Last Friday, President Kagame, who recently won presidential election by a landslide, swore in to lead the country for a transitional seven-year term.The inaugural ceremony, which took place at Amahoro National Stadium, was incredibly glorious day. The ceremony sealed the victory and marked the start of the President’s new term in office. The legitimacy of the President comes essentially from his election by the majority of Rwandans who cast their votes entrusting the incumbent to continue leading the country.
The swearing-in of President Kagame, as a constitutional requirement, was administered by the Chief Justice, Sam Rugege. The oath of President is normally a public ceremony to formalise the President’s installation. What is important in the swearing in is the formula, provided for by law and read by the President. The oath is a promise announced in a ceremonious and public manner, insisting on the sacred and unswerving character of the words spoken with the affirmation of a divine bearing. Prior to taking office, Article 102 of the Rwandan Constitution says the President of the Republic publicly swears the following oath before the President of the Supreme Court: “I, …………………………. do solemnly swear to Rwanda that I will: remain loyal to the Republic of Rwanda; observe and defend the Constitution and other laws; diligently fulfil responsibilities entrusted to me; preserve peace and national sovereignty; consolidate national unity; never use the powers conferred upon me for personal interests; strive for the interests of all Rwandans.
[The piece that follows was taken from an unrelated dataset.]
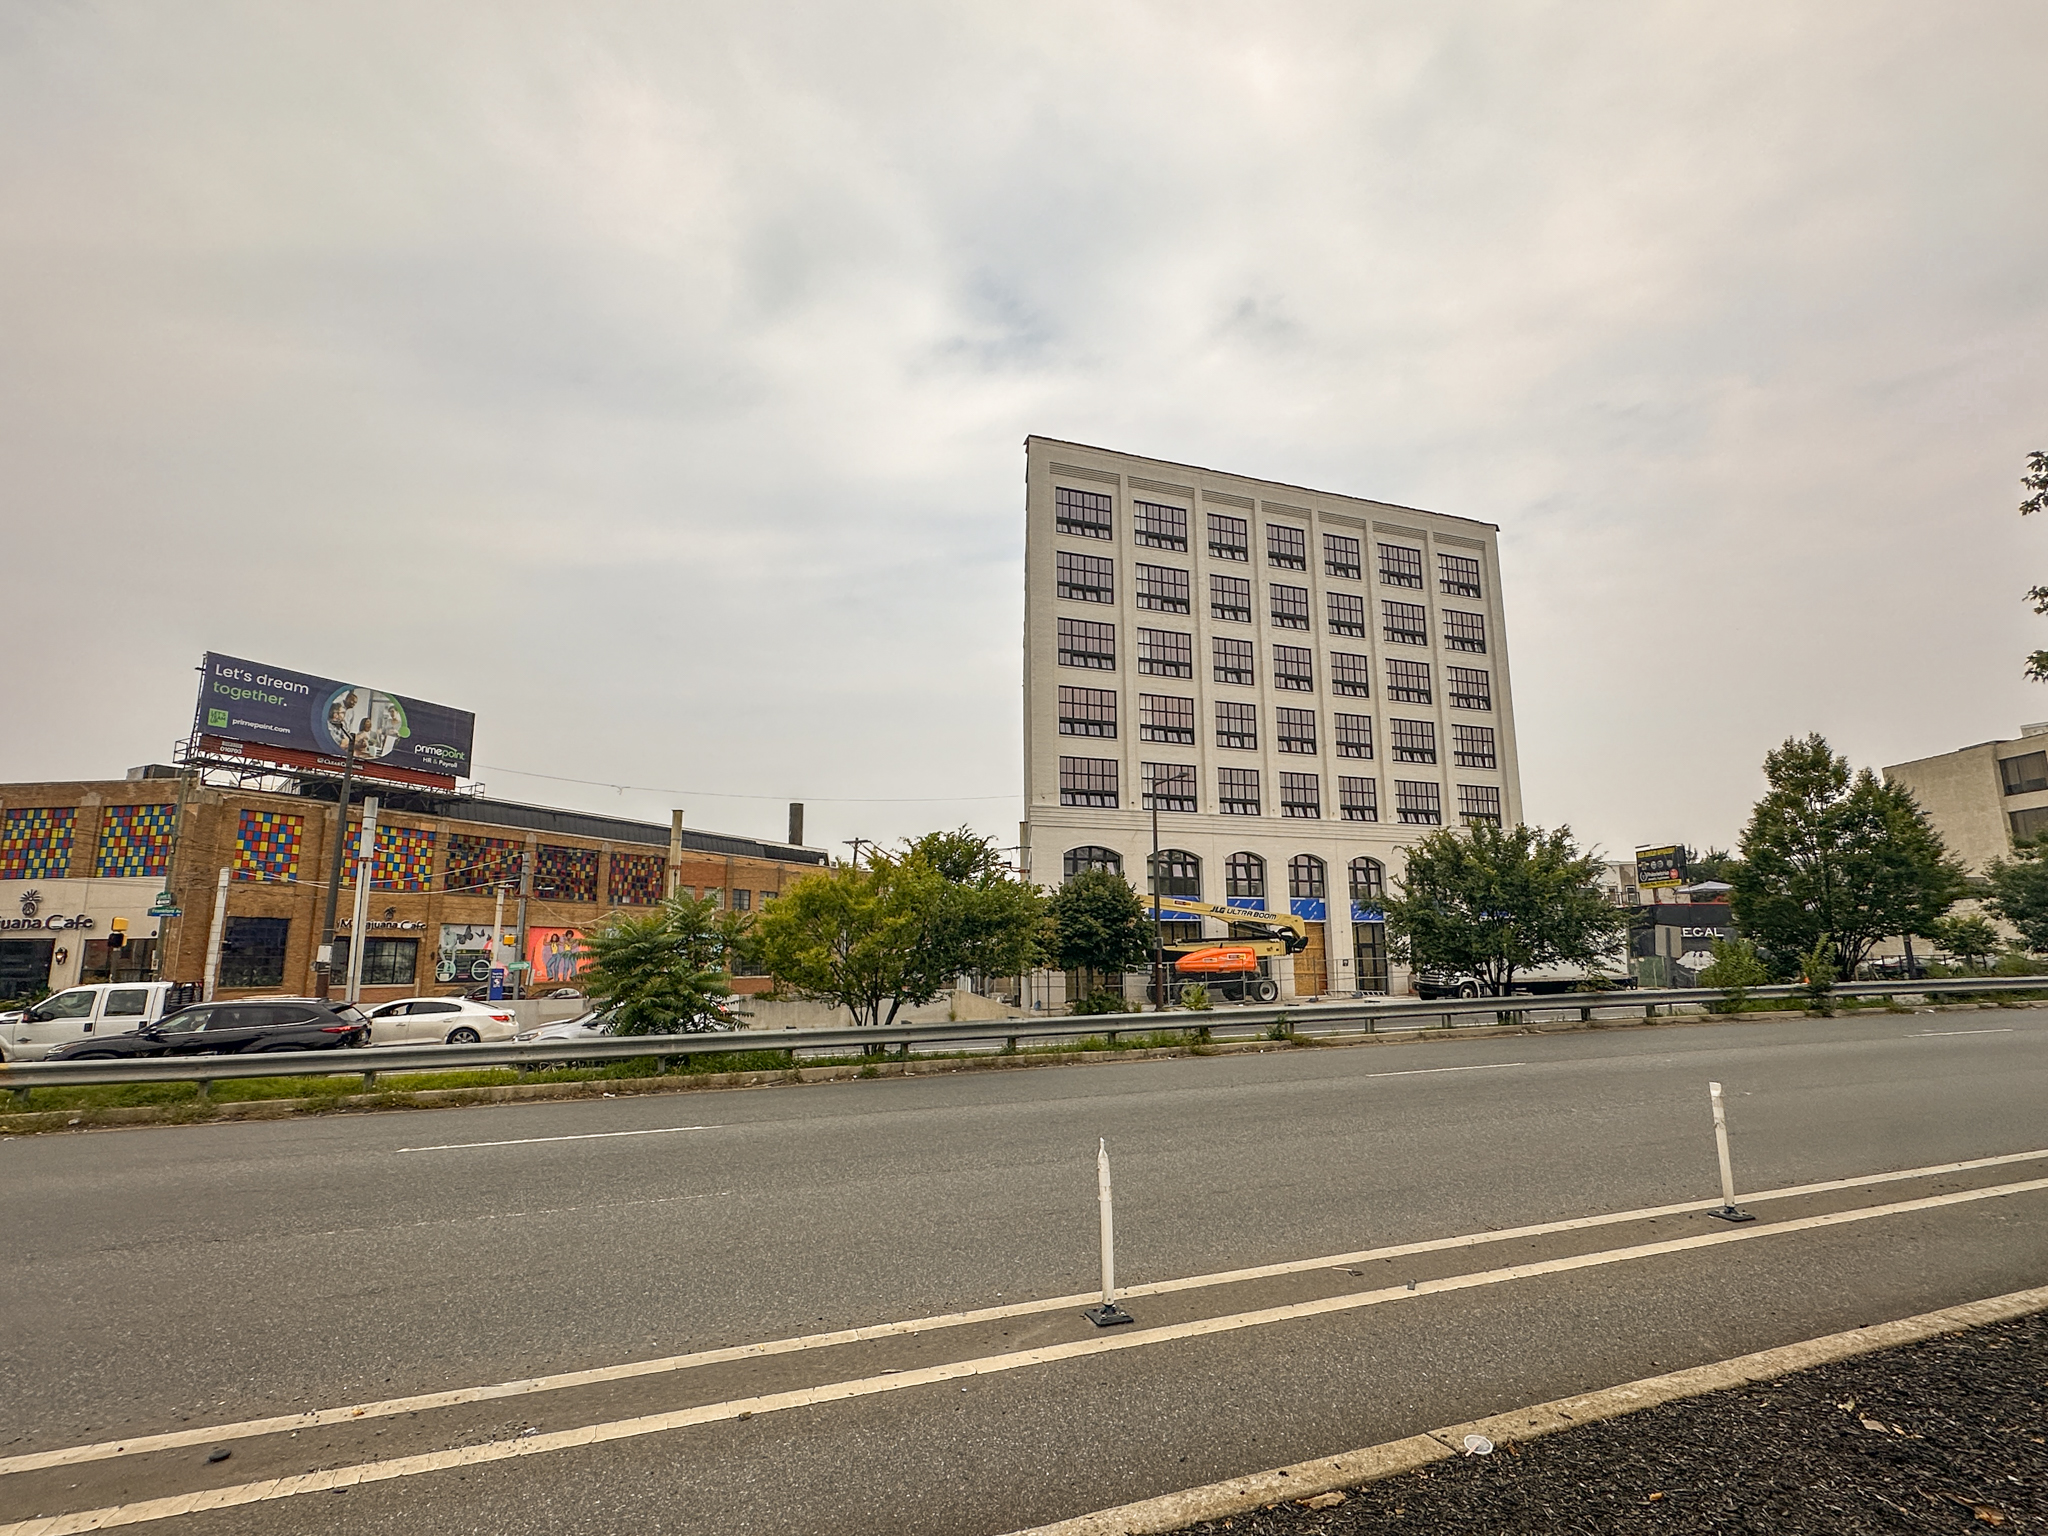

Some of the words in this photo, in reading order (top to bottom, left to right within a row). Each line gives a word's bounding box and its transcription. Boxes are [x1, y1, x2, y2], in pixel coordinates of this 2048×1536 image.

Should I fail to honour this oath, may I be subjected to the rigours of the law. So help me God.”
Clearly, taking a presidential oath before assuming office is a constitutional requirement to president-elect as well as to other public officials. For other public officials, the oath they take is contained in Article 64 of the Constitution though it is quite nuanced from presidential oath in terms of content. Presidential oath is a distinct one; which largely entails responsibility incumbent upon the President. It is quite important to note that presidential oath isn’t universal but peculiar to the national context.
But one common denominator for most presidential oaths, they end by saying “so help me God”. A tradition that many say was started by George Washington, the first US President. Even so, neither the phrase “so help me God” nor the use of a Bible is conventionally required in the presidential oath. Like many national constitutions, Rwandan Constitution contains the phrase “so help me God”. Though it is a tradition deeply entrenched in most societies, it has thus been enshrined in many national constitutions. But, what does it mean? These four words [‘so help me God’] may either mean God save me if I’m saying the truth or I keep my promise (and not if I don’t). Or, May God help me if I’m fully truthful (and not if I’m not).
In layman’s terms, it denotes what one is saying or has said means it. Literally, it shows greater care than usual in the act of the performance of one’s duty. In a biblical context, the phrase [‘so help me God’] reflects a kind of allegiance to the Supreme Being, beseeching His help in fulfilling one’s legal obligations.In other words, it shows a respect for God, as one who enables us to meet our daily needs as well as obligations.
The presidential oath was followed by Kagame’s speech, which is the most important, memorable speech of his life. To me, the president’s speech was characterised by three main things. First, he extended his particular indebtedness to Rwandans for voting him again to stay in power. A sign that illustrates an overwhelming support to President Kagame. On the same point, he reassured Rwandans of his determination to serve the nation to his best. He indeed stressed that, as long as Rwandans stand together with him, nothing is impossible to achieve. The President further noted that it’s a privilege to serve the nation. He also acknowledged that every Rwandan, whether living within or abroad, is absolutely treasured.
Second, President Kagame lashed out at those who often want to dictate their terms to Africans at large, and Rwandans in particular. He pointed out that Rwandans are the best students of their own shortcomings and thus they know the right way to overcome them. Arguably, no one can purportedly know what’s the best for another person than the one who’s in need. President Kagame also said that no country can purportedly be a model in nation-building. In instilling the spirit of self-determination, the President said “do it yourself’. President lambasted those who want to force others to live on their terms.
Third, President Kagame underscored the sense of togetherness that has characterised Rwandans. Though the country inherited the most tragic event that culminated into the Genocide against the Tutsi in 1994, it still lives and will continue to live, not as self-styled models want, but as Rwandans want. That said, nothing can scare Rwandans when they stand together. However, Rwanda acknowledges the essence of being in partnership and cooperation with other countries. Rwanda, of course, needs other countries and vice versa.
The writer is international law expert.